ÉCRIRE LE TRAVAIL

ATELIERS D'ÉCRITURE A LA FACULTÉ DE LETTRES DE POITIERS

Un atelier d’écriture autour des ouvrages de  François Bon : "Sortie d’usine", "Temps machine" (dans une édition numérique révisée et augmentée sur Publie.net intitulée Mémoire d’usines) et Daewoo.

La beauté aujourd'hui, c'est l'absence de vie et le silence dominant. C'est de voir défiler la singularité d'un endroit et d'en interpréter les moments.

La beauté passée, c'est celle reflétée par le soleil, le ciel, la nature reprenant ses droits.

La beauté révélée, c'est celle de la nuit. Le rouge flamboyant, vif, rappelant les flammes embrasant les métaux. Le choc des couleurs mélangées au métal gris et usé des tuyaux de l'usine.

La beauté que l'on découvre, c'est celle de se voir petit parmi ces bâtiments géants.

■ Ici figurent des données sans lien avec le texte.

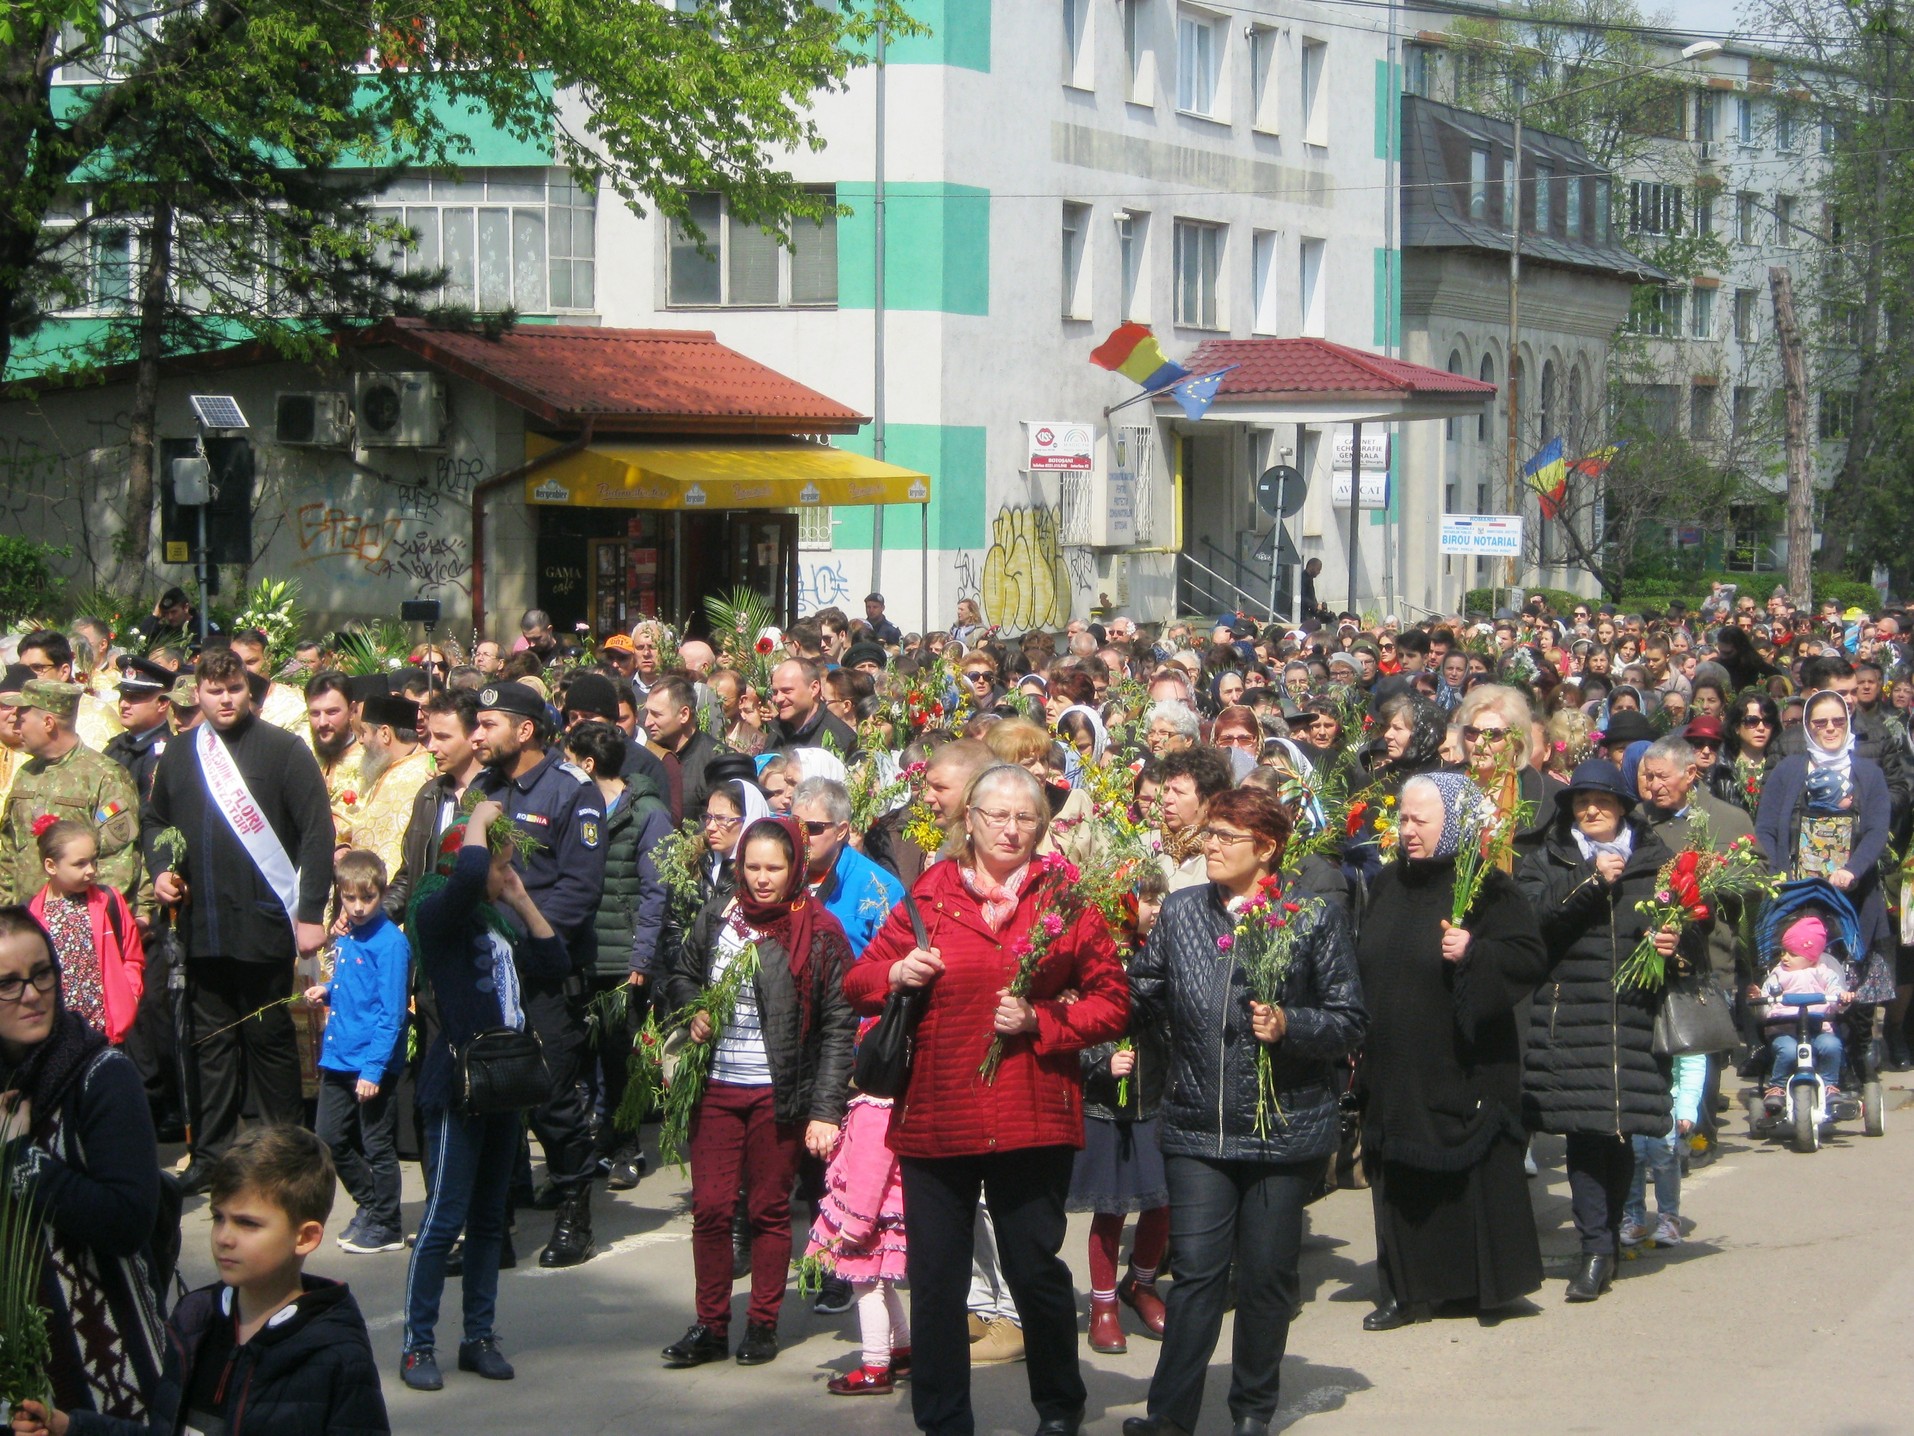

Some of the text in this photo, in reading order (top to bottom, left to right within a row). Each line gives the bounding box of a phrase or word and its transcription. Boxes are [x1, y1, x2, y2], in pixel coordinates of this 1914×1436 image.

[1337, 486, 1381, 494] AVCAT
[1442, 535, 1517, 547] BIROU NOTARIAL
[546, 566, 581, 578] GAMA
[202, 753, 250, 835] ORGANIZATORI
[233, 788, 265, 834] FLORII

Le mouvement d'un ouvrier en marche, figé pour l'éternité dans une pellicule noir et blanc.

La beauté de les voir, c'est celle de l'instant, de pouvoir se dire que l'on n'est qu'observateur. Un panneau fléché écrit dans deux langues apparaît au premier plan d'une image, indiquant la direction -celle du paradis ou celle de l'enfer ?

La beauté des bâtiments, c'est leur grandeur, leur caractère imposant, le parallélisme de construction, c'est imaginer s'y trouver et s'y perdre, puis travailler.

L'ingéniosité, l'éclosion des flammes, la fusion des métaux, la chaleur émanée, les paroles arrêtées, le souffle et le souffre mêlés. Telle est la beauté sortant de ces images, passé, présent, futur, c'est l'environnement quotidien, la banalité qui y sont évoqués, invoqués.

Manon L.


Qu'elle était belle la nuit reflétée dans le métal usé des cheminées qui toussaient sans arrêt.

Qu'elles étaient belles les lumières parfois aveuglantes qui sortaient d'on ne sait où, qui prenaient la forme d'un fantôme et venaient effrayer les gardiens restés un peu tard.

Qu'elles étaient belles ces formes géométriques, un triangle, un carré, un rectangle, tout y est. A l'heure du tout arrondie, même les tuyaux s'élèvent comme les arrêtes d'un gigantesque carré.

Qu'il était beau l'espace vert autour de l'usine, celui où les ouvriers prenaient parfois leur pause, de l'herbe qui, comme par miracle, restait verte des années durant.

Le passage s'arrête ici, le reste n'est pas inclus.